**Information given:**
[Start of Attachment]

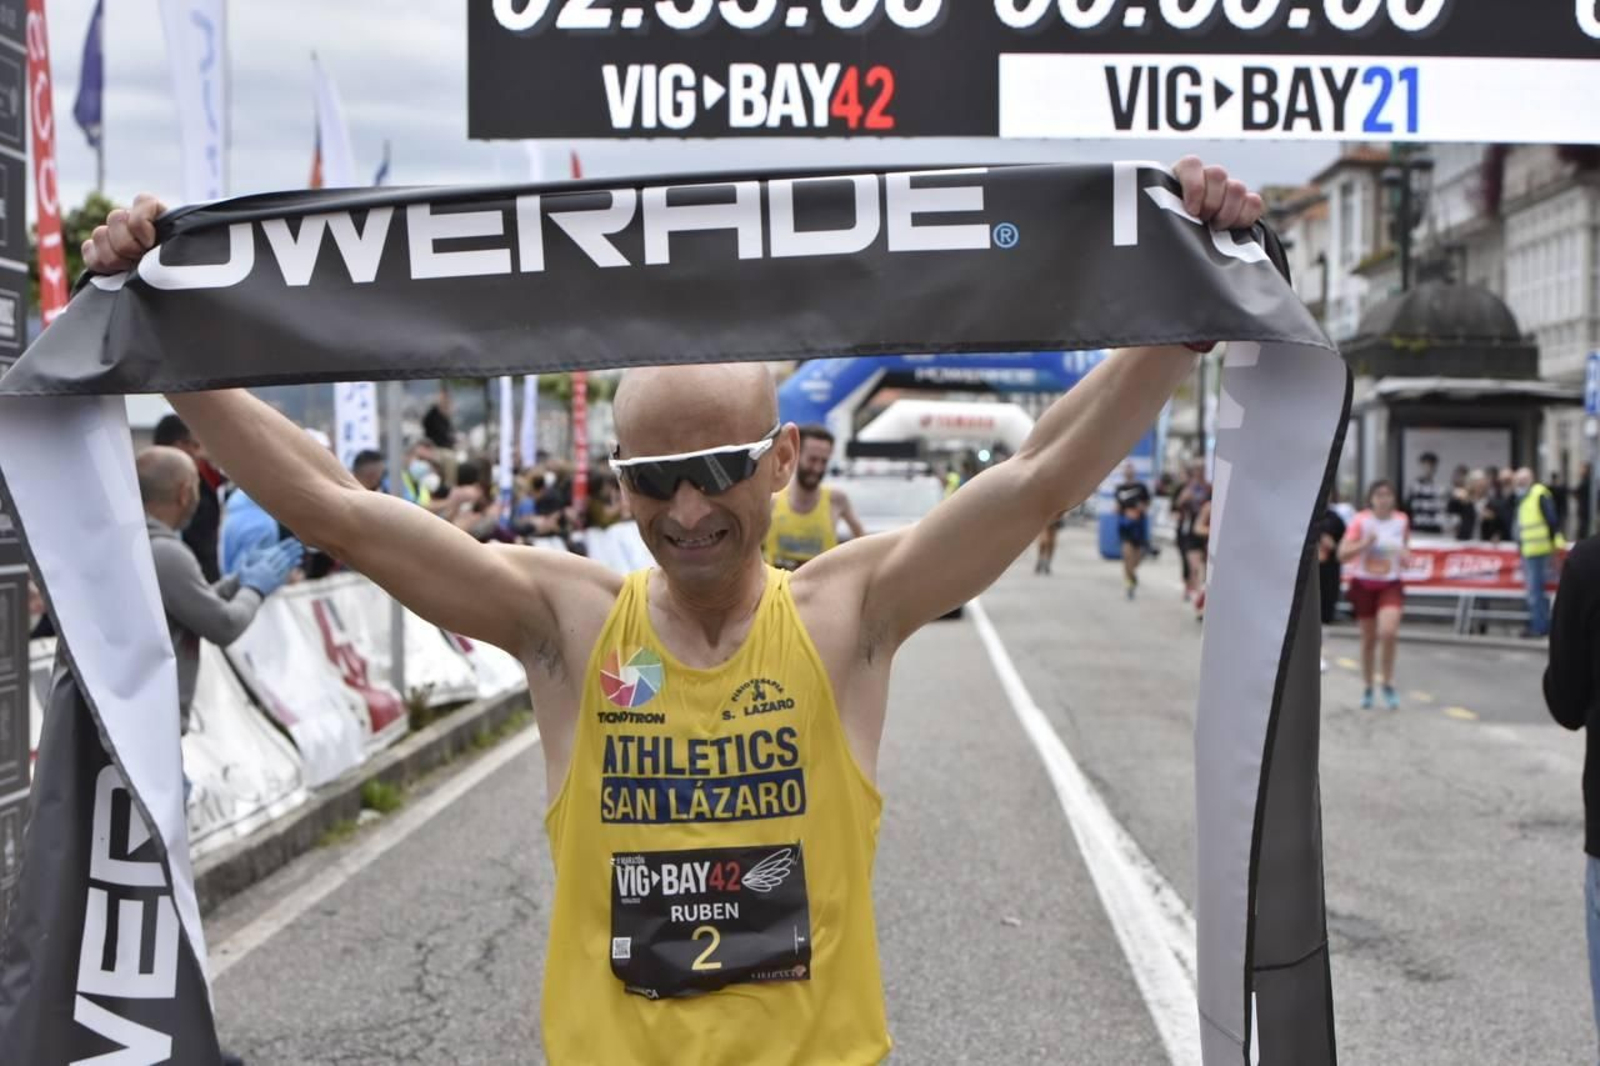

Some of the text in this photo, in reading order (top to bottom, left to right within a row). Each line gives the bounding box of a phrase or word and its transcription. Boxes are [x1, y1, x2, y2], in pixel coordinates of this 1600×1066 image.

[743, 698, 796, 717] LAZARO
[602, 726, 799, 776] ATHLETICS
[602, 779, 801, 821] SAN LÁZARO
[671, 902, 740, 922] RUBEN
[691, 925, 722, 971] 2
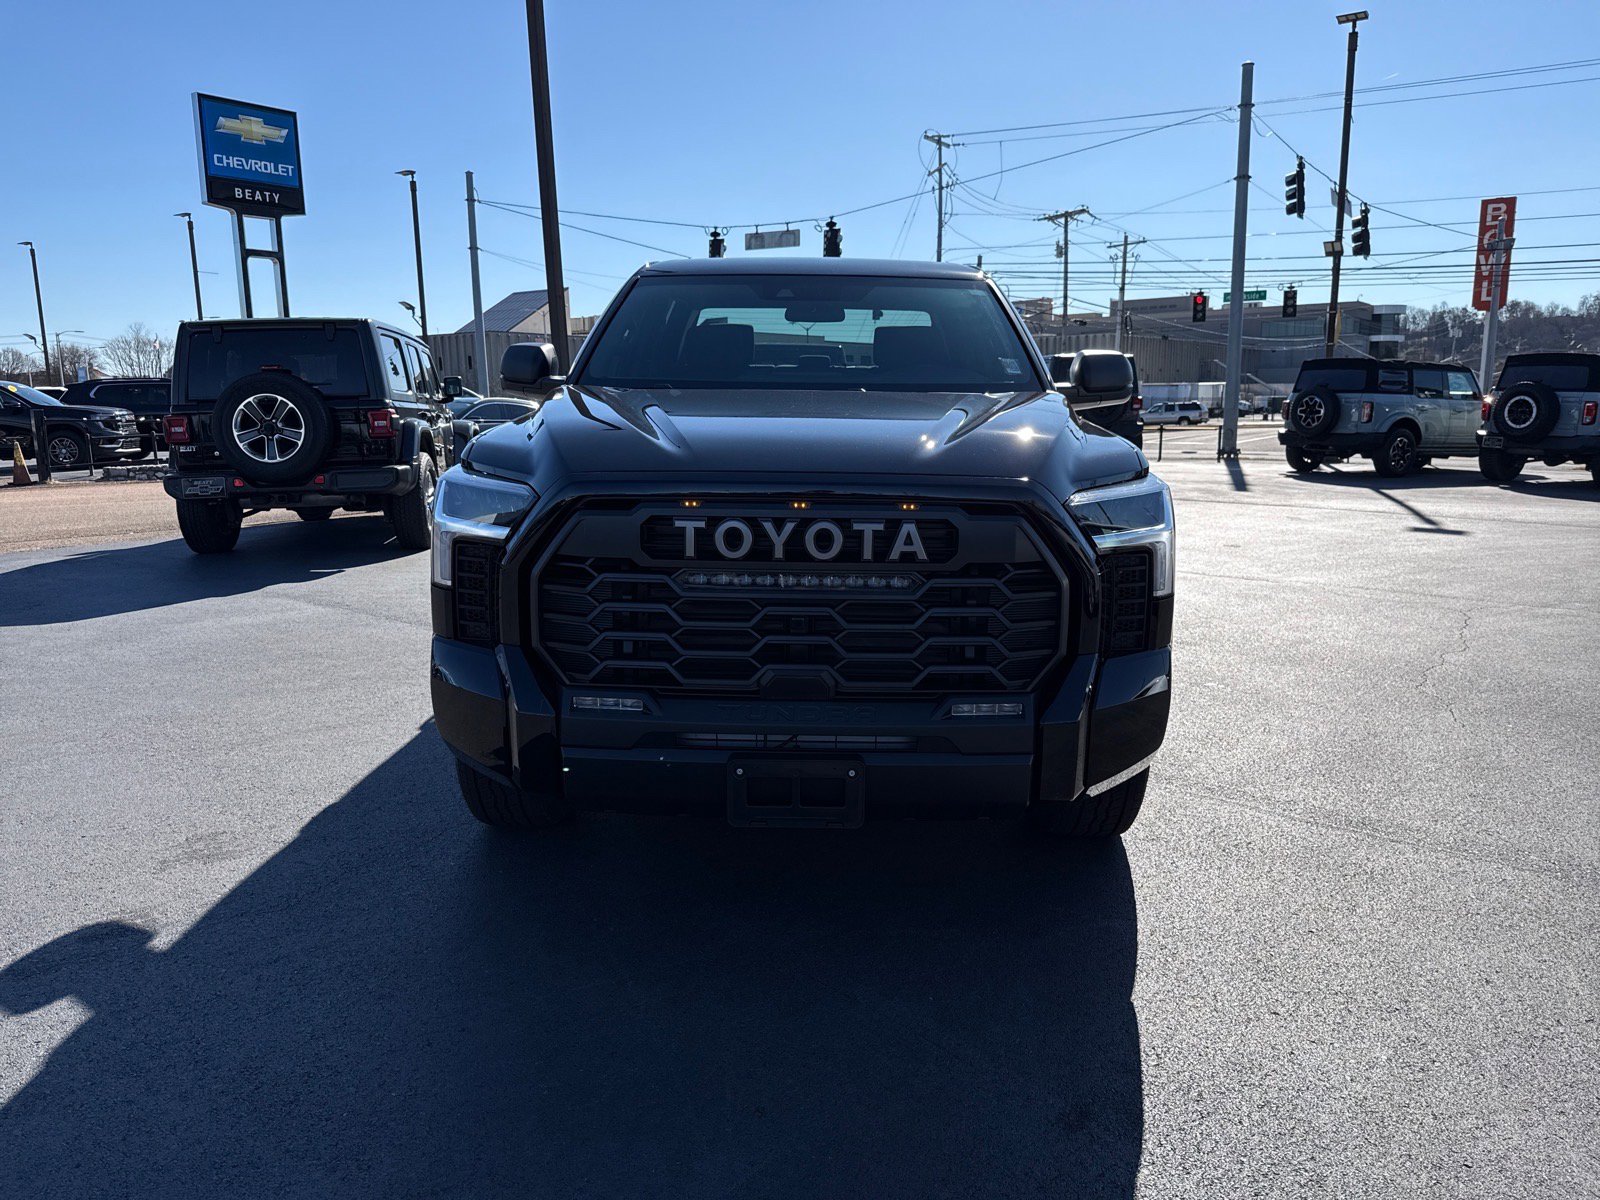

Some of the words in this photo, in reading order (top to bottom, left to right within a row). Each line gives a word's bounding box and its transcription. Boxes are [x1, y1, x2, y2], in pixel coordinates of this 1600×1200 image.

[213, 153, 294, 177] CHEVROLET
[234, 187, 280, 204] BEATY
[674, 519, 928, 561] TOYOTA

[End of Attachment]

**What the exercise asks:** The entries above should be retyped word for word, with all pictures omitted.

**Answer below:**
Some of the text in this photo, in reading order (top to bottom, left to right within a row). Each line gives the bounding box of a phrase or word and its transcription. Boxes are [x1, y1, x2, y2], in pixel coordinates of this 1600×1066 image.

[743, 698, 796, 717] LAZARO
[602, 726, 799, 776] ATHLETICS
[602, 779, 801, 821] SAN LÁZARO
[671, 902, 740, 922] RUBEN
[691, 925, 722, 971] 2

Some of the words in this photo, in reading order (top to bottom, left to right within a row). Each line gives a word's bounding box and its transcription. Boxes are [x1, y1, x2, y2], in pixel coordinates of this 1600×1200 image.

[213, 153, 294, 177] CHEVROLET
[234, 187, 280, 204] BEATY
[674, 519, 928, 561] TOYOTA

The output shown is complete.